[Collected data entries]
============================================================

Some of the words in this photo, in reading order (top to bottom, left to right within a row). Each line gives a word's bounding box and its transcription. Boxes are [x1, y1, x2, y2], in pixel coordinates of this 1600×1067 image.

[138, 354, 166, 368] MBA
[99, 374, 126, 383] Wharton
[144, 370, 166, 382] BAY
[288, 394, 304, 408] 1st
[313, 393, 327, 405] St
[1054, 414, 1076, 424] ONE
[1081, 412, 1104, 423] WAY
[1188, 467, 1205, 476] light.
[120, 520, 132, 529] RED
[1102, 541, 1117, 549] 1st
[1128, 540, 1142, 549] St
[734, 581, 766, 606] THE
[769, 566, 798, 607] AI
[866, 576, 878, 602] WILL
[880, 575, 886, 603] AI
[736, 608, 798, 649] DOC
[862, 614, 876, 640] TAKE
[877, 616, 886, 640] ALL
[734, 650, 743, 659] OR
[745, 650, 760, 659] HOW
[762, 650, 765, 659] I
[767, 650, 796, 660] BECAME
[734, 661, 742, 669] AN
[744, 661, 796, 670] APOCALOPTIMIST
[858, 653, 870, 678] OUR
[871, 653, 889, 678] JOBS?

============================================================

## EXERCISE
The response should consist of all the entries, set down exactly.

## SOLUTION TO THIS TASK
Some of the words in this photo, in reading order (top to bottom, left to right within a row). Each line gives a word's bounding box and its transcription. Boxes are [x1, y1, x2, y2], in pixel coordinates of this 1600×1067 image.

[138, 354, 166, 368] MBA
[99, 374, 126, 383] Wharton
[144, 370, 166, 382] BAY
[288, 394, 304, 408] 1st
[313, 393, 327, 405] St
[1054, 414, 1076, 424] ONE
[1081, 412, 1104, 423] WAY
[1188, 467, 1205, 476] light.
[120, 520, 132, 529] RED
[1102, 541, 1117, 549] 1st
[1128, 540, 1142, 549] St
[734, 581, 766, 606] THE
[769, 566, 798, 607] AI
[866, 576, 878, 602] WILL
[880, 575, 886, 603] AI
[736, 608, 798, 649] DOC
[862, 614, 876, 640] TAKE
[877, 616, 886, 640] ALL
[734, 650, 743, 659] OR
[745, 650, 760, 659] HOW
[762, 650, 765, 659] I
[767, 650, 796, 660] BECAME
[734, 661, 742, 669] AN
[744, 661, 796, 670] APOCALOPTIMIST
[858, 653, 870, 678] OUR
[871, 653, 889, 678] JOBS?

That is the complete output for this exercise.